Engineering of machine learning, the next starting point for AI in enterprises
- 2022-09-24 12:44:56
- Tina
- Source
- Translated 1821
The application of machine learning in the industry is becoming increasingly popular. Thus it has become a regular mode of software development. The industry's focus is gradually shifting from what machine learning can do to how to manage the delivery process of machine learning projects effectively.
However, such programs' development, deployment, and continuous improvement are more complicated than traditional software development, such as web services or mobile applications. But the good news is that through continuous practice, the industry has developed a set of agile engineering processes for everyone to follow and reference when it comes to continuous delivery.
1. Why do we need " Engineering of Machine Learning"?
Data is an enterprise's real asset, and all future enterprises should be data-driven. The digital transformation trend has seen enterprises apply machine learning to various business scenarios for fear of falling behind their competitors. Making machine learning valuable in real-world production is still a complex task. While the industry can now make algorithmic scientist models work, there are still some challenges.
The vast majority of systems that support enterprise machine learning today can be treated as complex subsystems, a system that is isolated from the business system. When talking about machine learning, many people imagine that business data can adapt to changes in applications and that machine learning and enterprise software can be combined. Still, in reality, there is a large gap between them and the ultimate ideal state, and the industry has not yet been able to find a way to integrate machine learning and business systems. In many cases, machine learning remains an external capability embedded in the business's main processes.

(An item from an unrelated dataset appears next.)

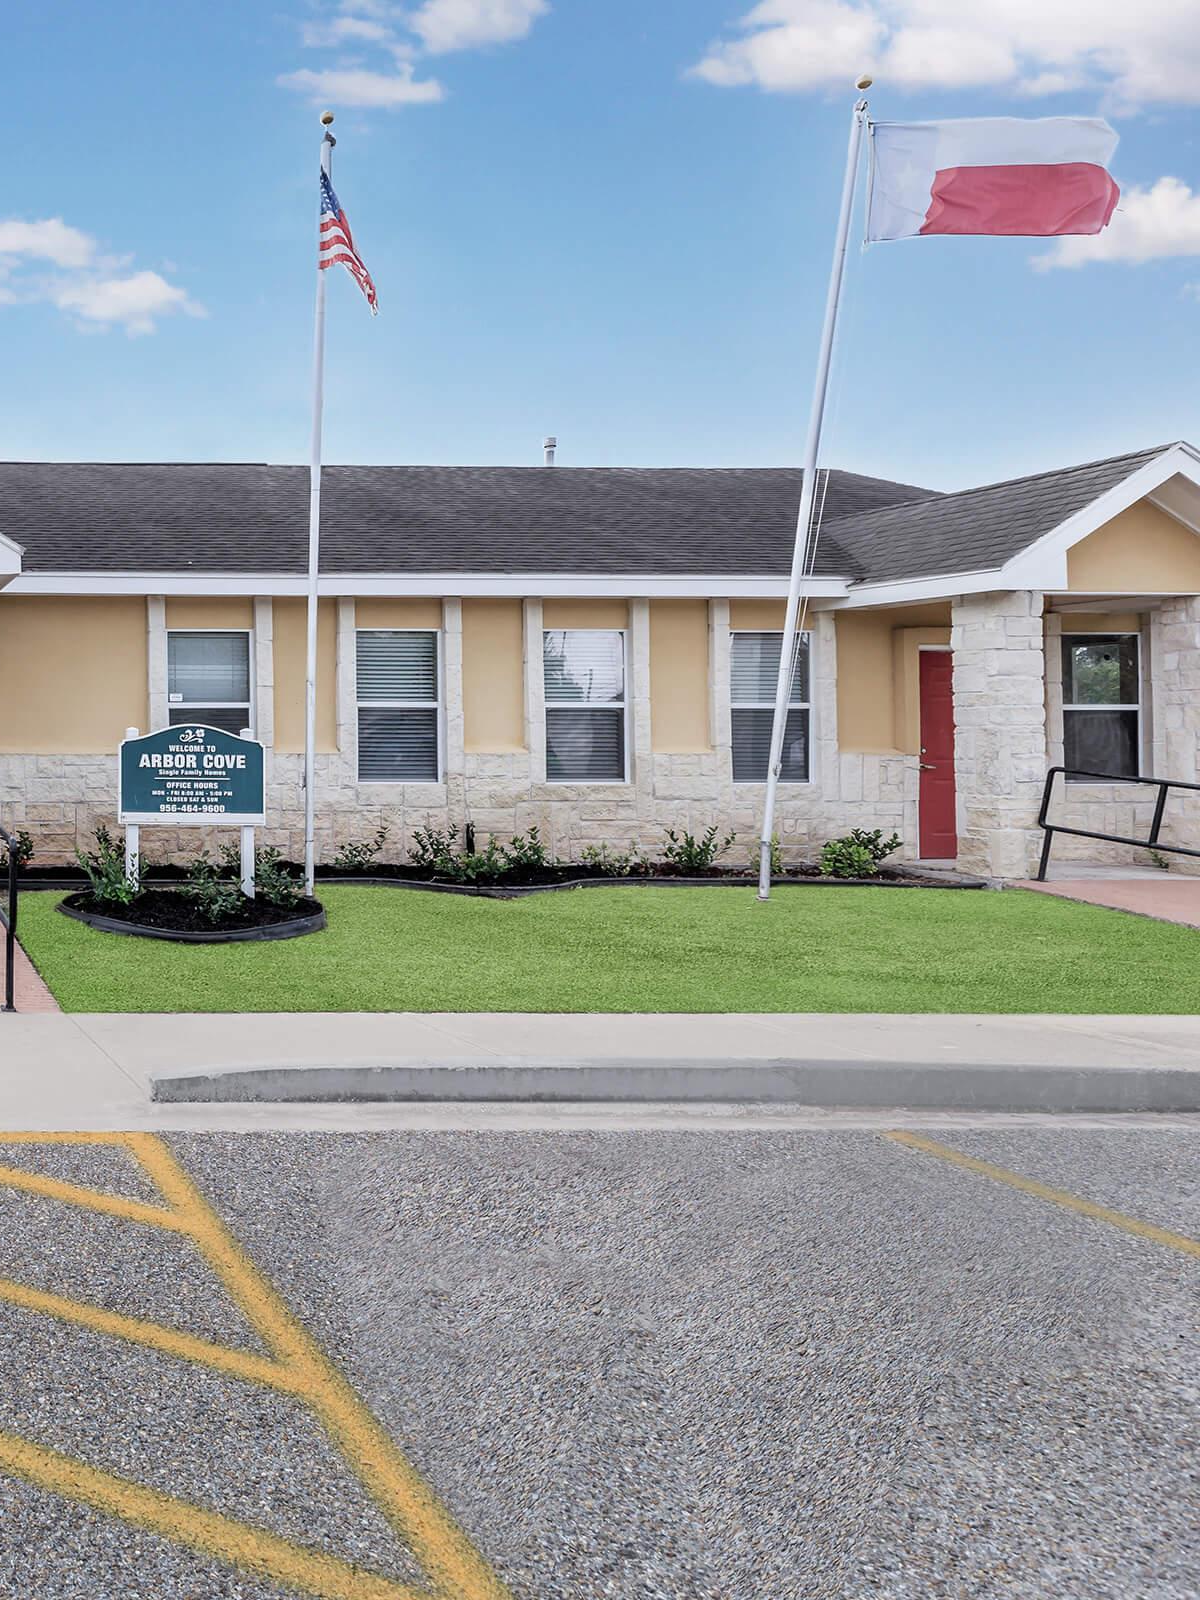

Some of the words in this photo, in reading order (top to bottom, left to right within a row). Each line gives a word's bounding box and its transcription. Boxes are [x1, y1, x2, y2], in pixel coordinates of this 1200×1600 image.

Machine learning code is only a small part of the machine learning application. Whether autonomous driving, credit card risk control, or image recognition, more than 90% of it comes from engineering. Engineers need to apply the algorithm scientists' models to specific software environments and know how to interact with the algorithm scientists. In practice, when deploying models in real-world environments, the models given by scientists often fail because they cannot adapt to the dynamics of the environment or the changes in the data that we used to describe. As the production of machine learning models is considered a separate skill for algorithmic scientists, we need a hybrid team to succeed. A successful team might include a data scientist or ML engineer, a DevOps engineer, and a data engineer. The engineer needs to maintain the quality of the model in production, retrain the production model frequently and try out new implementations to generate the model.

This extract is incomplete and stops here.